Mit großem Dank und hoher Anerkennung wurde Dr. Anja Stumpe nach langjähriger Tätigkeit als Leiterin des Dienstleistungszentrums Ländlicher Raum (DLR) Eifel in Bitburg verabschiedet. Wegbegleiterinnen und Wegbegleiter aus Landwirtschaft, Verwaltung und Politik, darunter Landrat Andreas Kruppert, würdigten ihr engagiertes Wirken für die Eifelregion und den ländlichen Raum.
Das DLR Eifel mit Sitz in Bitburg ist eines von insgesamt sechs Dienstleistungszentren Ländlicher Raum im Geschäftsbereich des Ministeriums für Wirtschaft, Verkehr, Landwirtschaft und Weinbau Rheinland-Pfalz. Die DLR übernehmen mit unterschiedlichen fachlichen Schwerpunkten Aufgaben der Landentwicklung und ländlichen Bodenordnung sowie der landwirtschaftlichen, weinbaulichen und gartenbaulichen Beratung und des Versuchswesens. Aufgrund der engen Verbindung von staatlicher Beratung und schulischer Ausbildung sind zudem die berufsbildenden Schulen der landwirtschaftlichen Fachrichtungen in die Dienstleistungszentren integriert.
Dr. Anja Stumpe leitete das DLR Eifel seit rund 16 Jahren und war damit die erste Frau in Rheinland-Pfalz in dieser Funktion. Während ihrer Amtszeit setzte sie sich insbesondere für die Unterstützung der Milchviehbetriebe im Strukturwandel sowie für den Erhalt der landwirtschaftlich geprägten Kulturlandschaft der Eifel ein. Darüber hinaus prägte sie die Arbeit des DLR durch die enge Verzahnung von Praxis, Wissenschaft und Verwaltung sowie durch ihr besonderes Engagement in der landwirtschaftlichen Ausbildung und Fachschularbeit.

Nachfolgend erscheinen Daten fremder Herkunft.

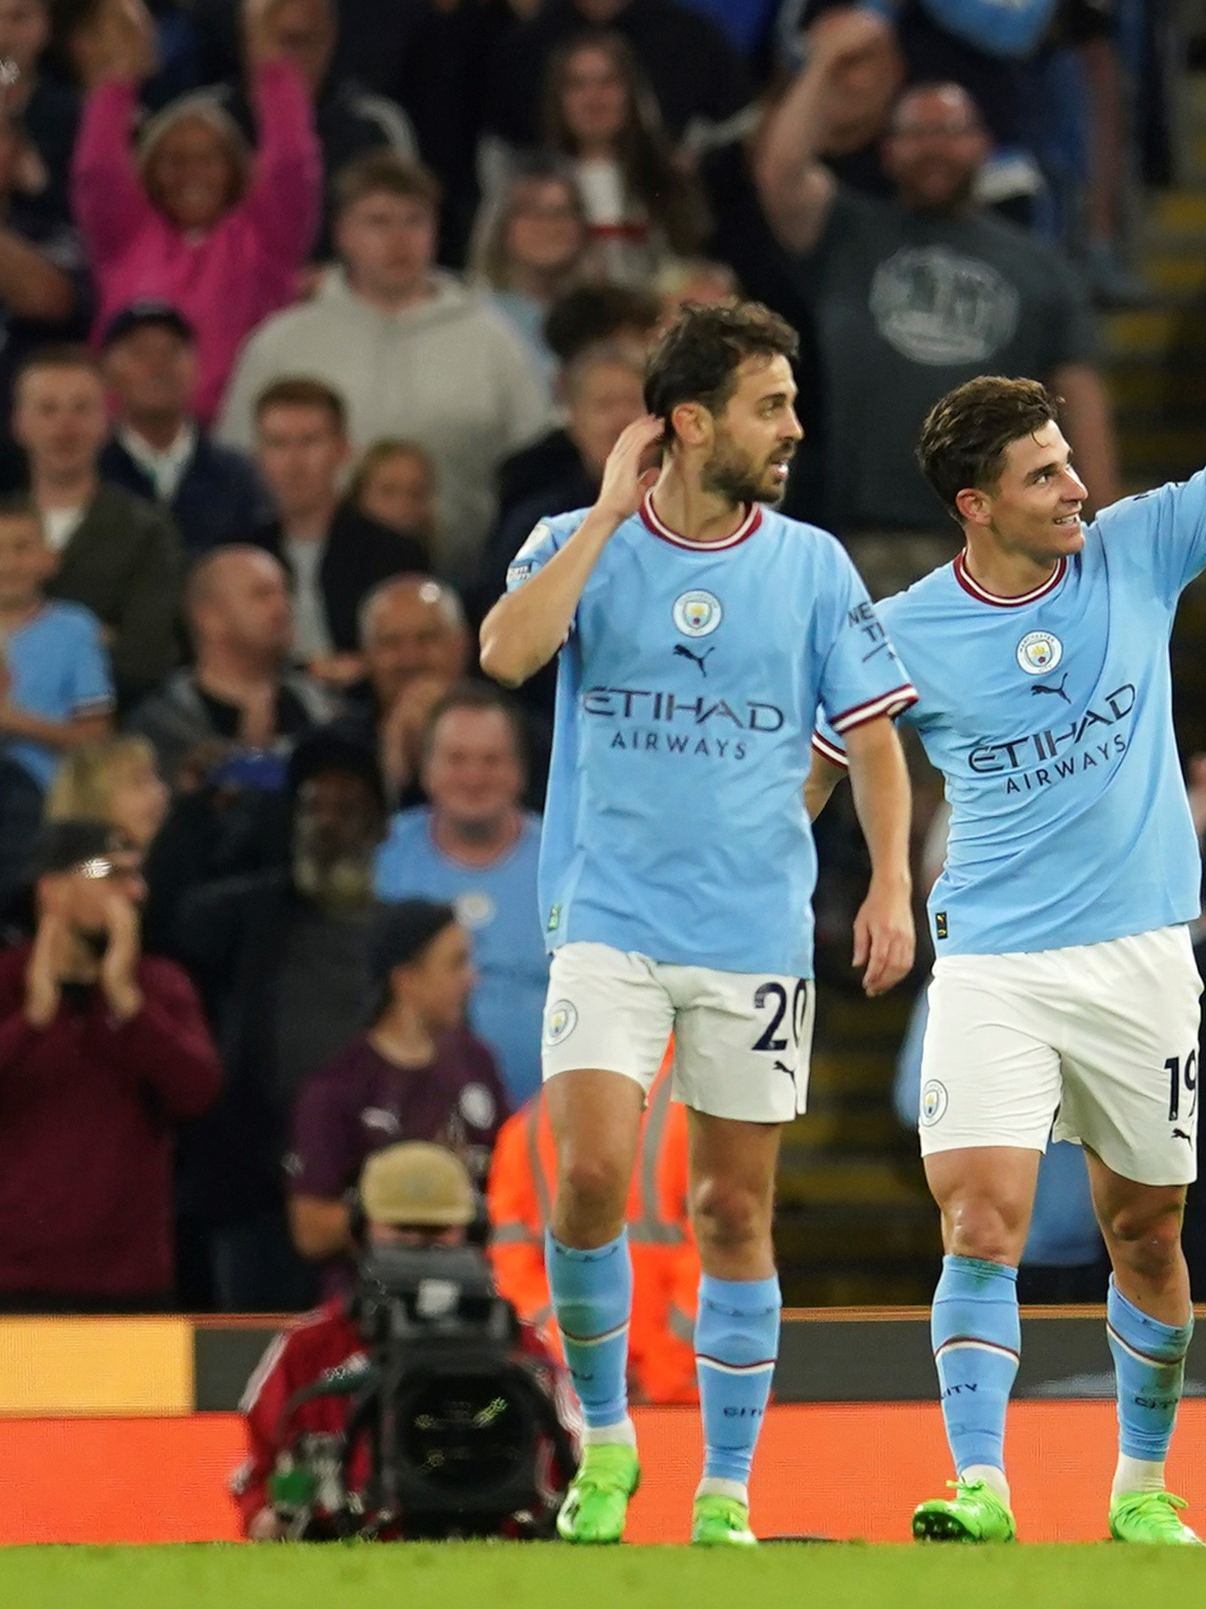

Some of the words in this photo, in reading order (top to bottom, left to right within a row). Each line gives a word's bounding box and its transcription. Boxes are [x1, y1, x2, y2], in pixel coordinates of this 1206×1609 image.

Landrat Andreas Kruppert würdigte insbesondere ihre fachliche Kompetenz, ihre Bodenständigkeit und ihre verbindende Art: „Das DLR Eifel ist unter deiner Leitung ein verlässlicher Partner für Landwirtschaft, Bildung und ländliche Entwicklung geblieben – und hat sich zugleich weiterentwickelt.“ Im Namen des Eifelkreises Bitburg-Prüm dankte er ausdrücklich für ihren langjährigen Einsatz und ihre große Verbundenheit mit der Region. „Du hast mit deiner Arbeit nicht nur eine Institution geführt, sondern auch dazu beigetragen, dass unsere Region stark bleibt – fachlich, wirtschaftlich und menschlich“, so Andreas Kruppert abschließend.